The Internet of Things (IoT) means a new conception of communication, where objects are interconnected through the internet, forming a global network. This way, people can monitor and control events that affect to our everyday life. IoT is already being applied into health monitoring, home automation and pollution sensors. IoT based applications represent new business opportunities and they are expected to have an economic impact of $11 trillion by 2025.
From a material point of view, IoT implies that the connected things are provided of something that enables their communication through electromagnetic radiation: antennas, sensors, transistors, etc. Evidently, these devices need to be sensitive, selective and tiny. Here is where nanotechnology and IoT match up, leading to the so-called Internet of Nano Things (IoNT).
Recently, scientists have used nanotechnology to fabricate sophisticated nanodevices, demonstrating their viability as nano-antennas and nano-sensors. In some years from now, this new family of devices will be used in medicine to reduce diagnosis time and mitigate invasive treatment processes, or in agriculture monitoring animals and crop growth.

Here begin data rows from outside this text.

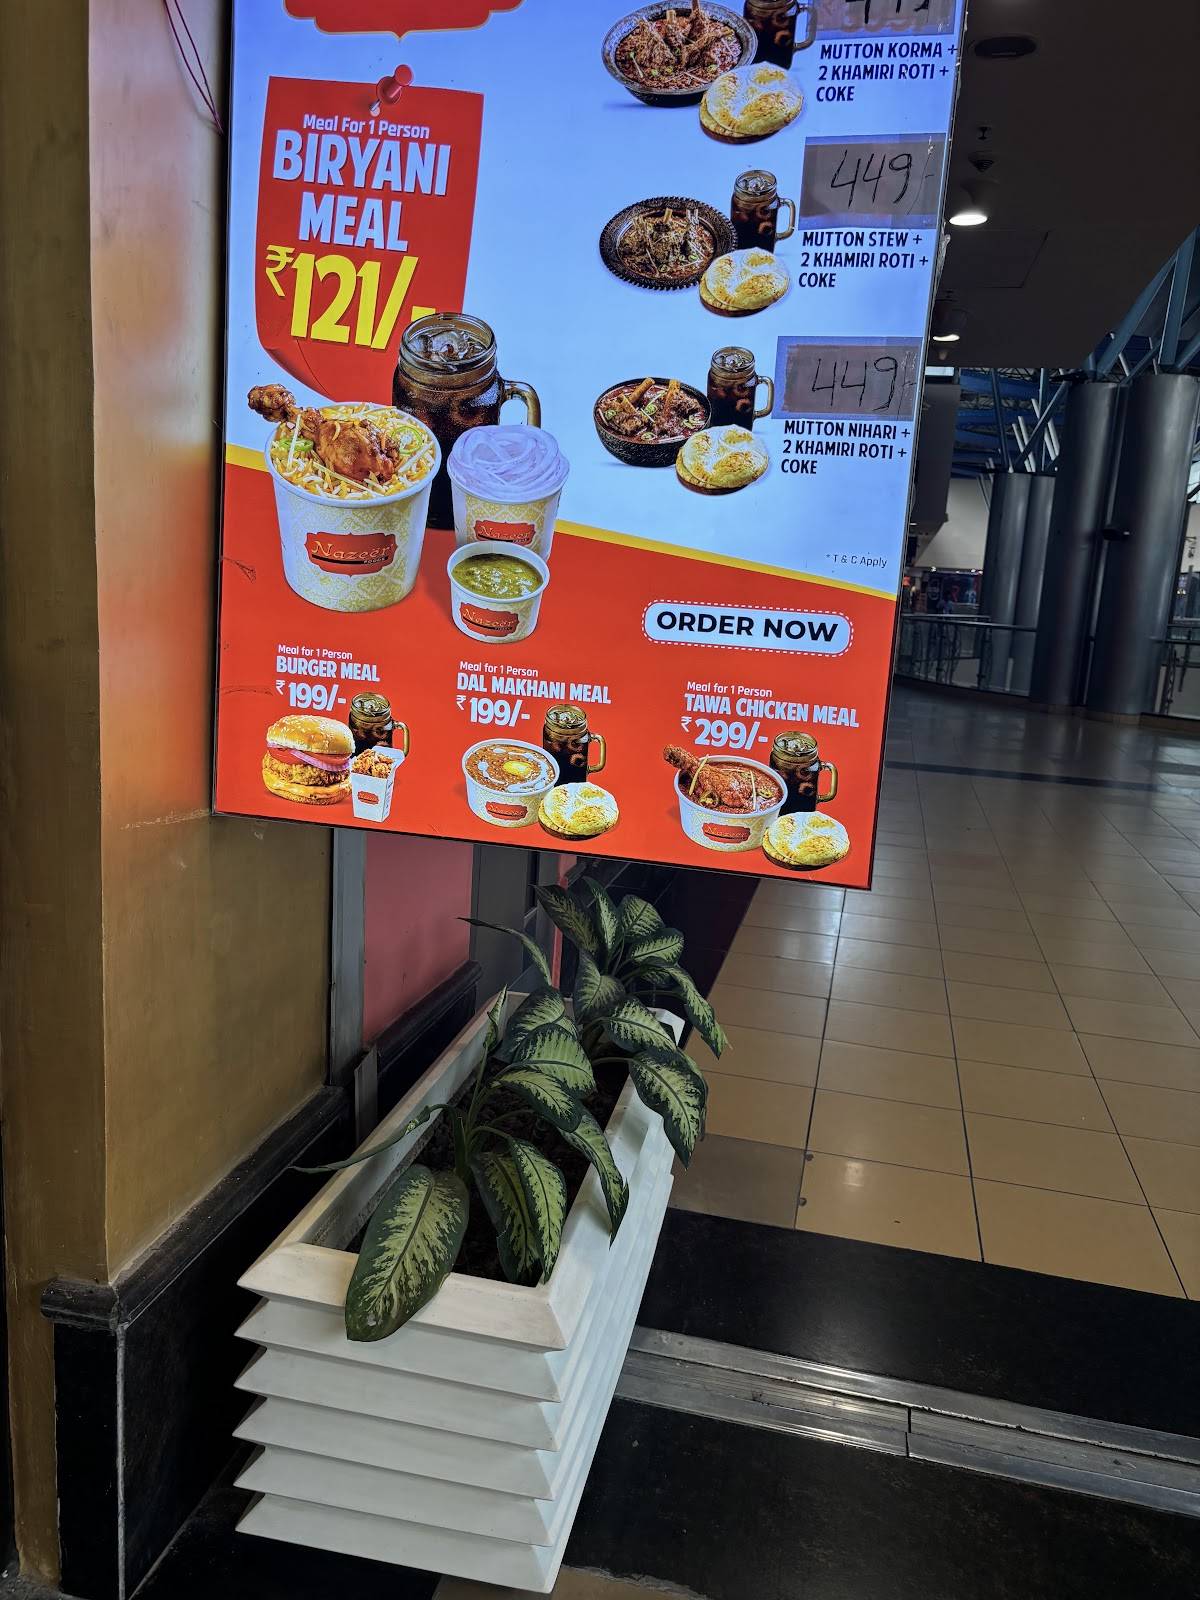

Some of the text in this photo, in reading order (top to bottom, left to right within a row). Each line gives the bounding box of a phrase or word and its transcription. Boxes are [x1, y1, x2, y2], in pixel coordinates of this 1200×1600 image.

[820, 42, 958, 59] MUTTON KORMA +
[818, 63, 949, 81] 2 KHAMIRI ROTI +
[816, 86, 855, 102] COKE
[303, 114, 430, 139] Meal For 1 Person
[272, 129, 452, 197] BIRYANI
[298, 191, 409, 253] MEAL
[802, 231, 923, 247] MUTTON STEW +
[800, 252, 929, 269] 2 KHAMIRI ROTI +
[798, 272, 837, 288] COKE
[784, 420, 911, 440] MUTTON NIHARI +
[782, 440, 907, 459] 2 KHAMIRI ROTI +
[781, 458, 818, 474] COKE
[840, 554, 848, 564] &
[850, 555, 858, 564] C
[860, 556, 888, 569] Apply
[656, 611, 839, 642] ORDER NOW
[278, 644, 353, 660] Meal for 1 Person
[276, 655, 380, 682] BURGER MEAL
[459, 661, 539, 677] Meal for 1 Person
[457, 672, 612, 705] DAL MAKHANI MEAL
[687, 681, 773, 698] Meal for 1 Person
[684, 693, 860, 729] TAWA CHICKEN MEAL

These nanodevices have been fabricated by taking advantage of the groundbreaking properties of graphene-like nanomaterials as they present electromagnetic response, electric conductivity, strength and the possibility to make stretchable nanofilms and nanowires. Hybrid nanomaterials that combine graphene and the tunable properties from metal nanoparticles, will be essential in the development of new nano-devices. Gnanomat is positioning as a key player to develop and scale up nanomaterials to this end.